== Your assignment ==
Copy each line below as written, but skip the pictures.

== Information shown ==
══════
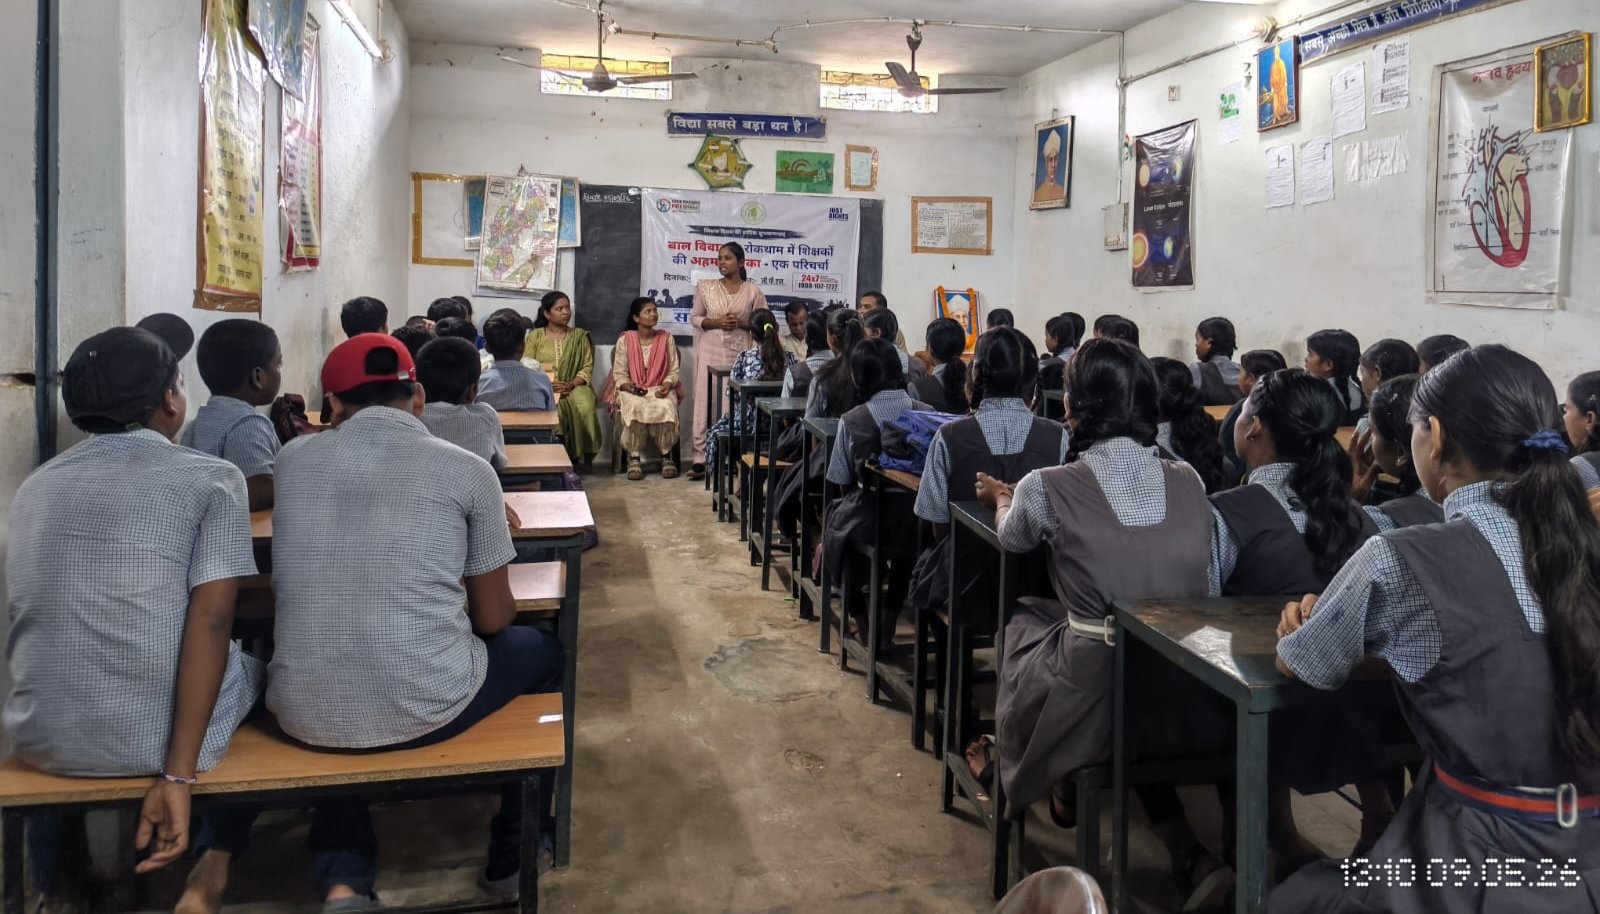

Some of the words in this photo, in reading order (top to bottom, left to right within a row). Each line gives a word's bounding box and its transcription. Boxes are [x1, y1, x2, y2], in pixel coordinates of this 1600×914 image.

[1328, 23, 1351, 43] अच्छी
[1351, 18, 1370, 35] मित्र
[1369, 13, 1380, 29] है
[1383, 5, 1402, 24] और
[672, 116, 700, 129] विद्या
[706, 116, 737, 130] सबसे
[742, 119, 765, 132] बड़ा
[770, 121, 788, 132] धन
[668, 241, 691, 251] बाल
[695, 240, 723, 252] विवा
[744, 242, 783, 254] रोकथाम
[787, 241, 795, 255] में
[798, 244, 834, 256] शिक्षकों
[672, 253, 687, 265] की
[772, 260, 789, 271] एक
[793, 258, 828, 271] परिचर्चा
[801, 274, 820, 283] 24x7
══════
== Result for this exercise ==
Some of the words in this photo, in reading order (top to bottom, left to right within a row). Each line gives a word's bounding box and its transcription. Boxes are [x1, y1, x2, y2], in pixel coordinates of this 1600×914 image.

[1328, 23, 1351, 43] अच्छी
[1351, 18, 1370, 35] मित्र
[1369, 13, 1380, 29] है
[1383, 5, 1402, 24] और
[672, 116, 700, 129] विद्या
[706, 116, 737, 130] सबसे
[742, 119, 765, 132] बड़ा
[770, 121, 788, 132] धन
[668, 241, 691, 251] बाल
[695, 240, 723, 252] विवा
[744, 242, 783, 254] रोकथाम
[787, 241, 795, 255] में
[798, 244, 834, 256] शिक्षकों
[672, 253, 687, 265] की
[772, 260, 789, 271] एक
[793, 258, 828, 271] परिचर्चा
[801, 274, 820, 283] 24x7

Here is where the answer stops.